Les pressions directes ou indirectes sur des membres de formations de jugement ou sur un magistrat statuant seul n'existent pas, ou marginalement. Cela a pu exister, mais n'existe plus. Peut-être peut-il y avoir exceptionnellement des préfets mécontents d'un jugement qui appelleront a posteriori. Dans ce cas, le chef de juridiction rappelle les voies de recours, appel ou cassation. Nous n'avons pas connaissance de magistrats qui seraient sanctionnés, fût-ce oralement, pour les positions qu'ils ont pu prendre dans le cadre de leurs fonctions juridictionnelles.
L'atteinte à l'indépendance que les magistrats peuvent ressentir est induite sur l'exercice de la fonction de juger, notamment par la charge de travail et les multiples procédures qui encadrent la fonction. Nous espérons que les procédures du contentieux des étrangers finiront par se simplifier. Le contentieux de l'urbanisme est également un très bon exemple. Le juge de l'urbanisme, qui est un juge de l'excès de pouvoir, dont la fonction est assez binaire – il annule ou rejette – est parfois contraint d'être la seconde main de l'administration et de régulariser des décisions illégales. Dans un souci de bonne administration de la justice, la légalité étant l'objectif à atteindre, peut-être le juge y arrive-t-il par une voie assez longue et détournée, mais l'office naturel du juge n'est pas de permettre à l'administration, en tout cas dans le cadre d'une instance encore pendante, de régulariser. En toute logique, le juge annule et l'administration reprend une décision conforme à la légalité.
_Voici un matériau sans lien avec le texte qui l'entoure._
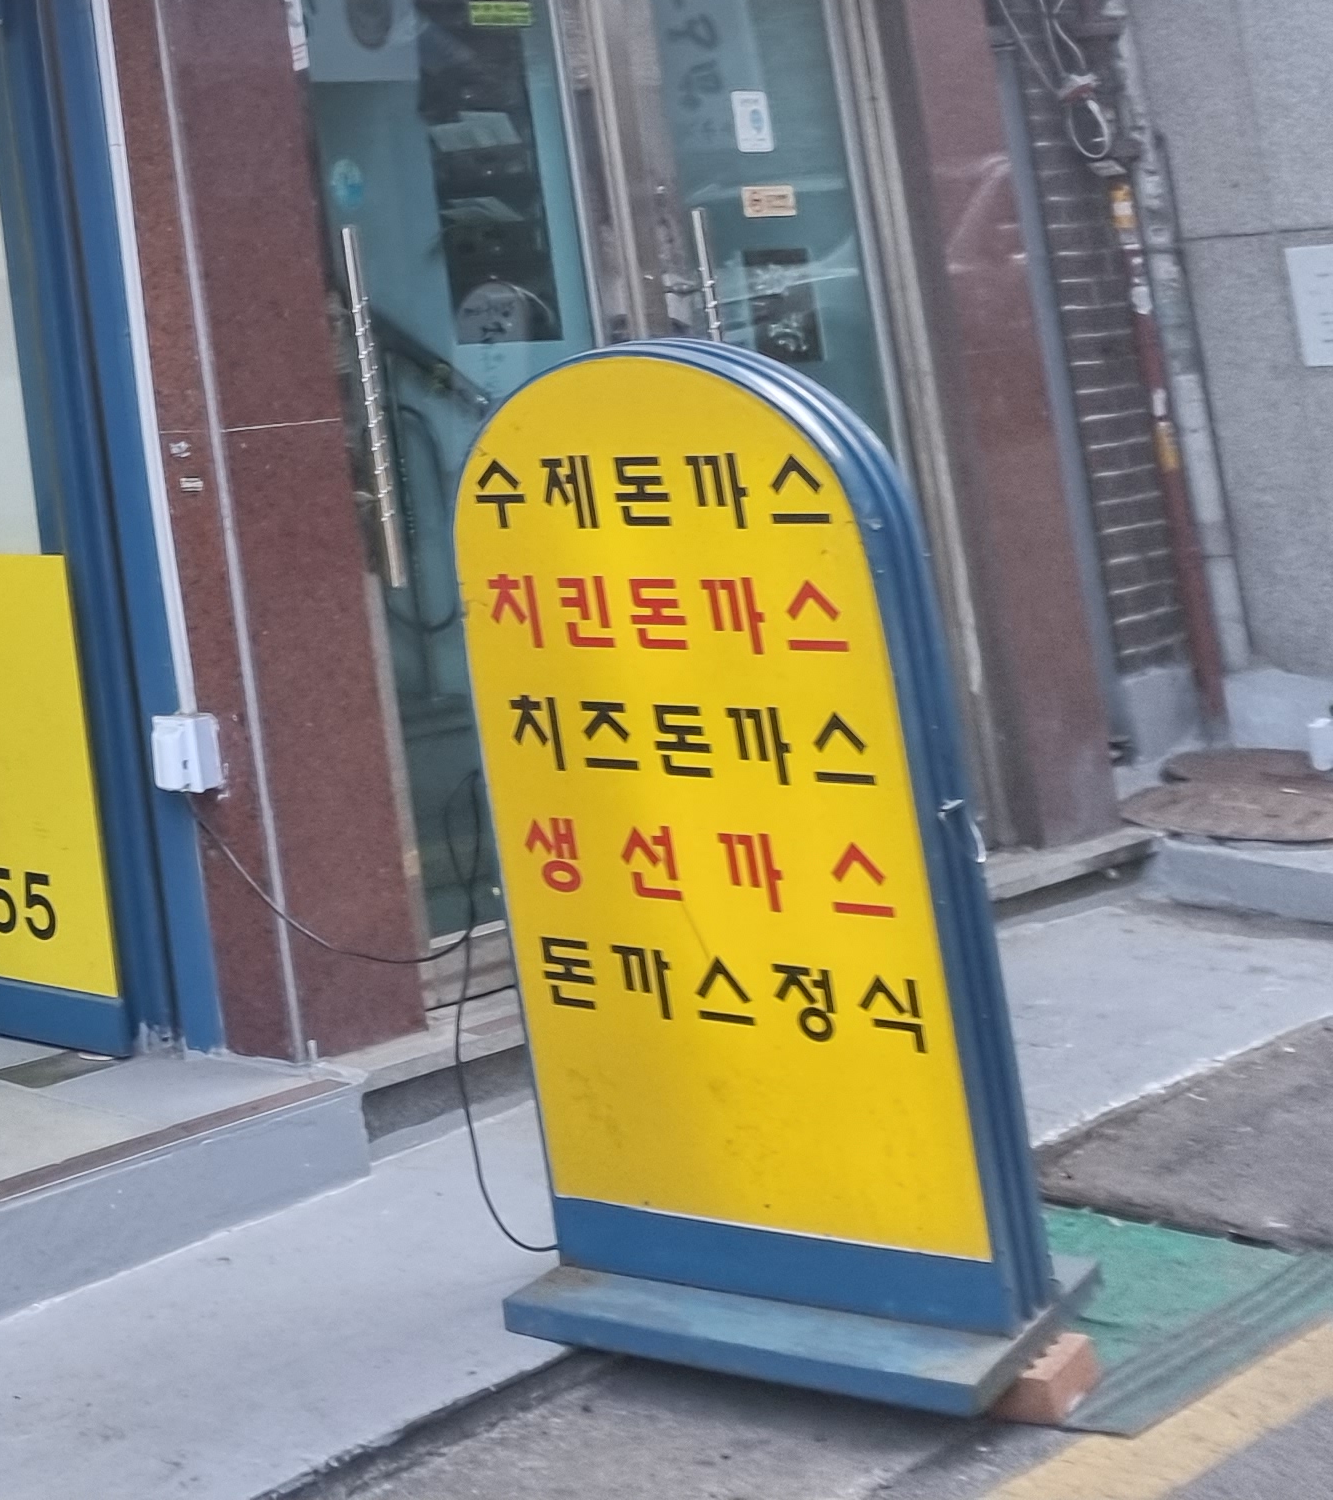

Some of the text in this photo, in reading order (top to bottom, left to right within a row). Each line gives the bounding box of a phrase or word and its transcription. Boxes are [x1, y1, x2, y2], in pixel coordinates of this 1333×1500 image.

Un tel encadrement de leurs fonctions peut être perçu par nombre de magistrats comme une atteinte à leur indépendance, d'autant plus qu'il se combine avec une charge de travail croissante. L'une des manières de préserver l'indépendance des magistrats serait de leur garantir les moyens de juger convenablement, en prenant le temps nécessaire. Cela passe également par une rémunération suffisante, pour éviter toute velléité d'augmenter celle-ci par d'autres biais – même si cela n'existe pas dans la juridiction administrative. Il faut aussi donner à la juridiction un budget et des effectifs suffisants pour absorber la demande de justice, qui croît depuis des années sans que les moyens de la justice, notamment administrative, progressent en proportion.
Les magistrats peuvent ressentir cette situation comme une atteinte ou une limite à la possibilité d'exercer correctement leurs fonctions selon des modalités qui conservent le sens de la justice, telles que consacrer à chaque dossier le temps qu'il mérite. Une autre atteinte indirecte peut prendre la forme de cas, de plus en plus nombreux, où le magistrat statue seul, ce qui participe à la dégradation de la qualité de la justice.
Au début de l'année, l'USMA a réalisé un sondage sur le port de la robe, auquel 800 magistrats ont répondu : un peu plus de 70 % se sont prononcés favorablement à la prestation de serment et presque 70 % favorablement au port de la robe. Il est ressorti de commentaires accompagnant les votes que le port de la robe était considéré comme nécessaire pour montrer aux justiciables – administration ou citoyens – que les magistrats incarnaient une fonction particulière dans la société, pour être identifiés en tant que juges. Dans l'imagerie populaire, le juge porte une robe ; la personne qui n'en porte pas n'en est pas un.